• [INPUT DATA]
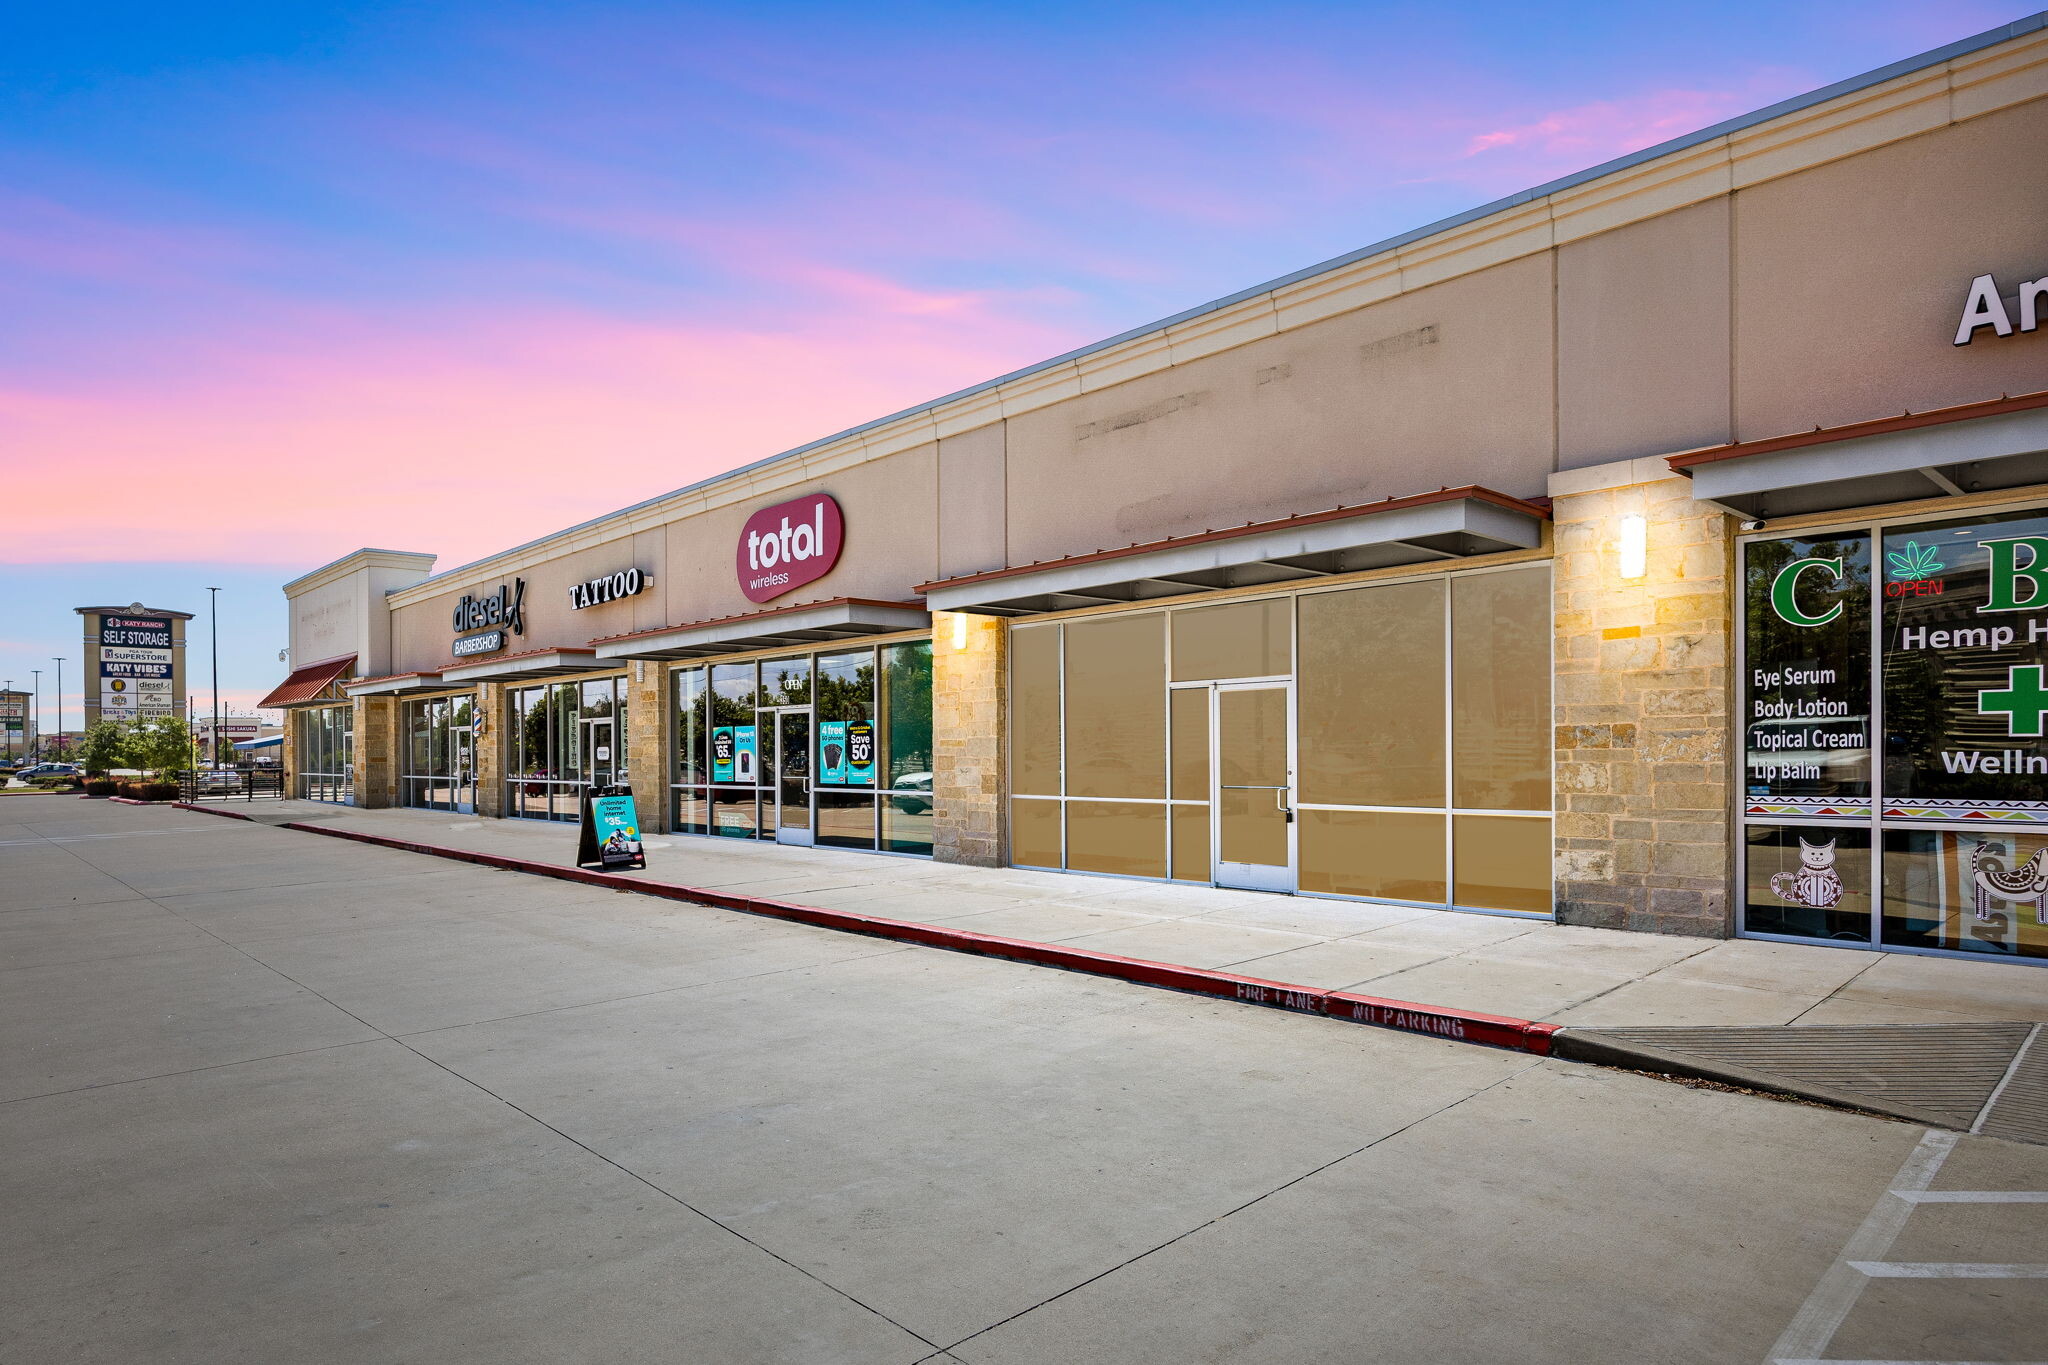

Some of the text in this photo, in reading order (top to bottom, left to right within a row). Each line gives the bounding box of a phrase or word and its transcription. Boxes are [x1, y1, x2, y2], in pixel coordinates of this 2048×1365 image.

[748, 502, 823, 570] total
[569, 568, 639, 610] TATTOO
[750, 572, 789, 589] wireless
[1886, 580, 1943, 597] OPEN
[1771, 556, 1843, 627] C
[453, 585, 506, 632] diesel
[104, 630, 169, 646] SELF STORAGE
[455, 635, 498, 655] BARBERSHOP
[1903, 624, 2014, 651] Hemp
[114, 653, 167, 661] SUPERSTORE
[106, 663, 167, 674] KATY VIBES
[1754, 667, 1836, 690] Eye Serum
[139, 681, 163, 689] diesel
[784, 679, 802, 690] OPEN
[1754, 697, 1848, 719] Body Lotion
[822, 724, 843, 735] 4 free
[851, 734, 870, 744] Save
[1754, 729, 1864, 752] Topical Cream
[1755, 761, 1820, 783] Lip Balm
[1942, 750, 2048, 774] Welln
[605, 817, 620, 826] $35
[1352, 1002, 1464, 1038] NO PARKING

• [EXERCISE INSTRUCTIONS] The entire listing above, word for word and without pictures, is what should be output.

• [FINISHED TASK]
Some of the text in this photo, in reading order (top to bottom, left to right within a row). Each line gives the bounding box of a phrase or word and its transcription. Boxes are [x1, y1, x2, y2], in pixel coordinates of this 2048×1365 image.

[748, 502, 823, 570] total
[569, 568, 639, 610] TATTOO
[750, 572, 789, 589] wireless
[1886, 580, 1943, 597] OPEN
[1771, 556, 1843, 627] C
[453, 585, 506, 632] diesel
[104, 630, 169, 646] SELF STORAGE
[455, 635, 498, 655] BARBERSHOP
[1903, 624, 2014, 651] Hemp
[114, 653, 167, 661] SUPERSTORE
[106, 663, 167, 674] KATY VIBES
[1754, 667, 1836, 690] Eye Serum
[139, 681, 163, 689] diesel
[784, 679, 802, 690] OPEN
[1754, 697, 1848, 719] Body Lotion
[822, 724, 843, 735] 4 free
[851, 734, 870, 744] Save
[1754, 729, 1864, 752] Topical Cream
[1755, 761, 1820, 783] Lip Balm
[1942, 750, 2048, 774] Welln
[605, 817, 620, 826] $35
[1352, 1002, 1464, 1038] NO PARKING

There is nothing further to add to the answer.